Eidiol, fort étonné de l’accueil du Comte, qui, le matin même, l’avait traité avec une si hautaine violence, le regardait d’un œil fin, tâchant de pénétrer la cause de ce brusque revirement de langage. Fultrade devint pourpre à l’apparition du père d’Anne-la-Douce, resta un moment frappé de stupeur ; puis il dit à Roth-bert : — Les moments sont précieux ; je tiens à bien remplir la mission dont tu m’as chargé.

— Je n’attendais pas moins de ton zèle, — répondit le Comte. — Hâte-toi, et fais comprendre aux seigneurs et aux abbés que, divisés, nous serons vaincus, mais unis, invincibles !

Le chantre disparut, et Roth-bert, redoublant d’amabilité, dit à Eidiol : — Sois le bien-venu... tu ne pouvais arriver plus à propos.

— Telle a été sans doute aussi la pensée de tes archers, puisqu’ils nous ont menacés d’une volée de flèches, si notre bateau n’abordait point.

— Ces mesures sont indispensables en ce moment, mon digne nautonnier.
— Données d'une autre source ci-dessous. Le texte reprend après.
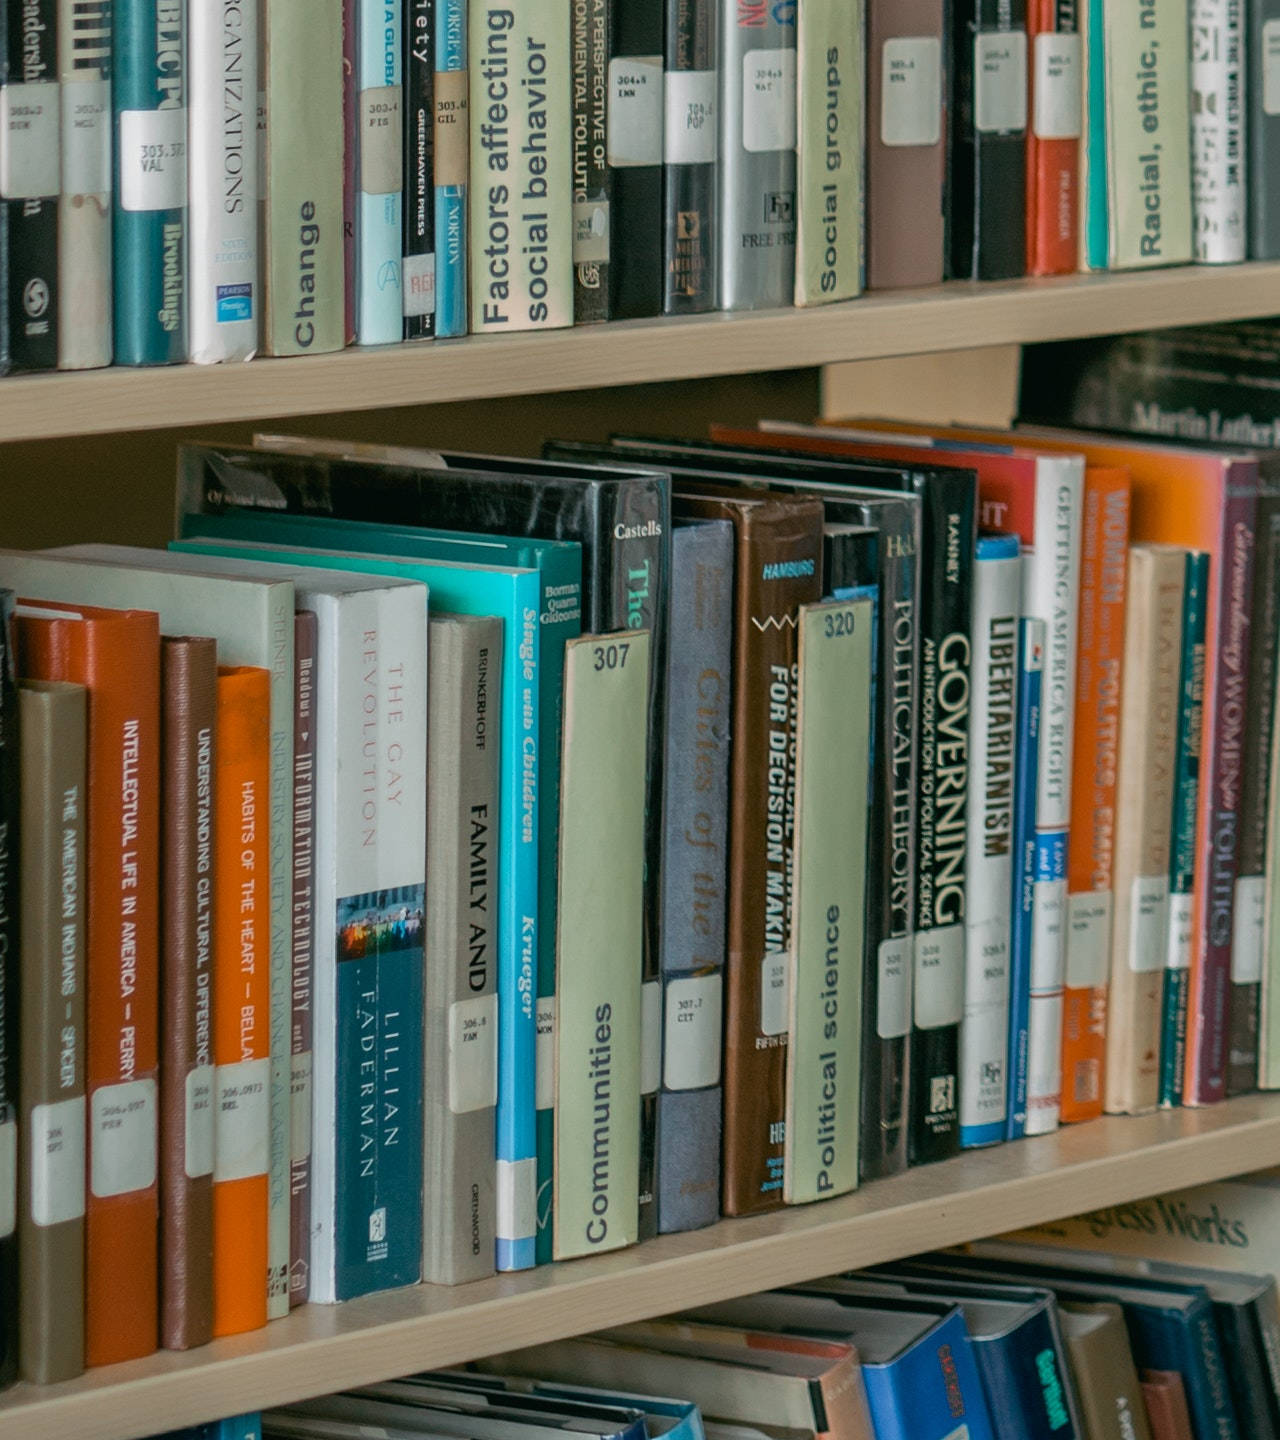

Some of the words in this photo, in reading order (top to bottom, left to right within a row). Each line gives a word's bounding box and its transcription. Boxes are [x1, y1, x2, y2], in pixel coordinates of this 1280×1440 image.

[483, 7, 516, 166] affecting
[524, 35, 549, 195] behavior
[823, 47, 841, 183] groups
[1138, 37, 1162, 133] ethic,
[481, 164, 509, 326] Factors
[527, 203, 550, 323] social
[821, 193, 838, 292] Social
[1139, 137, 1164, 258] Racial,
[294, 200, 319, 349] Change
[614, 522, 662, 540] Castells
[592, 645, 630, 671] 307
[824, 614, 855, 638] 320
[936, 632, 972, 924] GOVERNING
[984, 616, 1015, 859] LIBERTARIANISM
[471, 804, 490, 915] FAMILY
[468, 924, 488, 994] AND
[822, 904, 840, 1041] science
[585, 1002, 614, 1245] Communities
[816, 1054, 838, 1192] Political
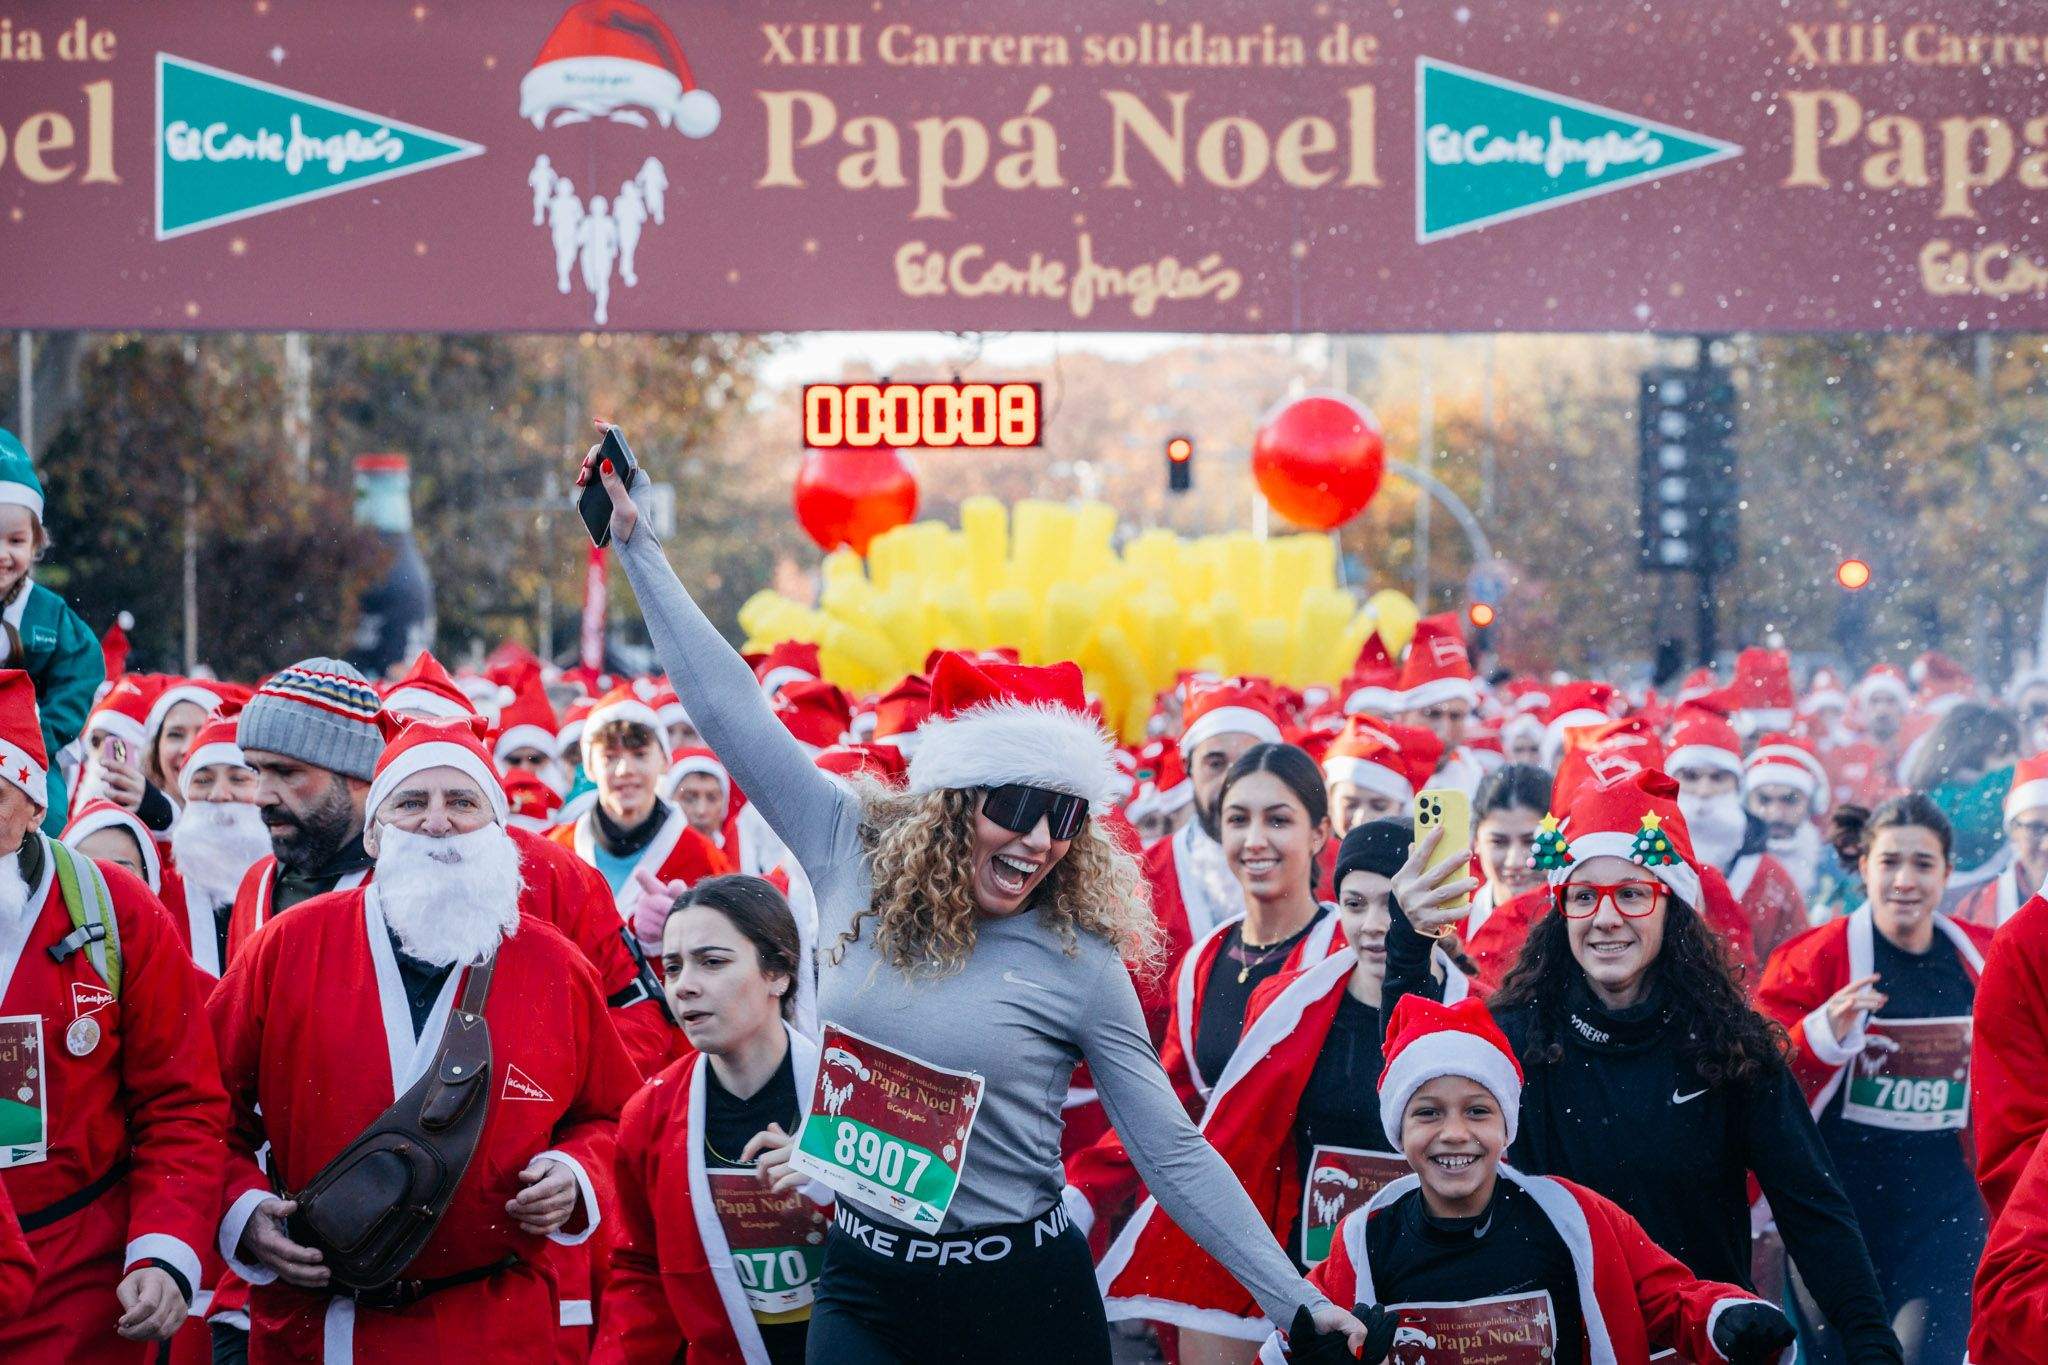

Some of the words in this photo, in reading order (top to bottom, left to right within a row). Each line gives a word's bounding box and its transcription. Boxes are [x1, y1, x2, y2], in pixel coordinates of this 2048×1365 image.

Tu sais sans doute la nouvelle ?

— Quelle nouvelle ?

— Ignores-tu que les North-mans ont reparu à l’embouchure de la Seine ?

— Ah ! il s’agit des North-mans ! — reprit Eidiol avec une parfaite indifférence. — En ce cas, oui, je sais la nouvelle. Le patron d’un chalan qui remontait en Seine m’a même dit que le gros de la flotte des pirates s’était ancrée cette nuit près de l’île d’Oissel, un de leurs anciens repaires.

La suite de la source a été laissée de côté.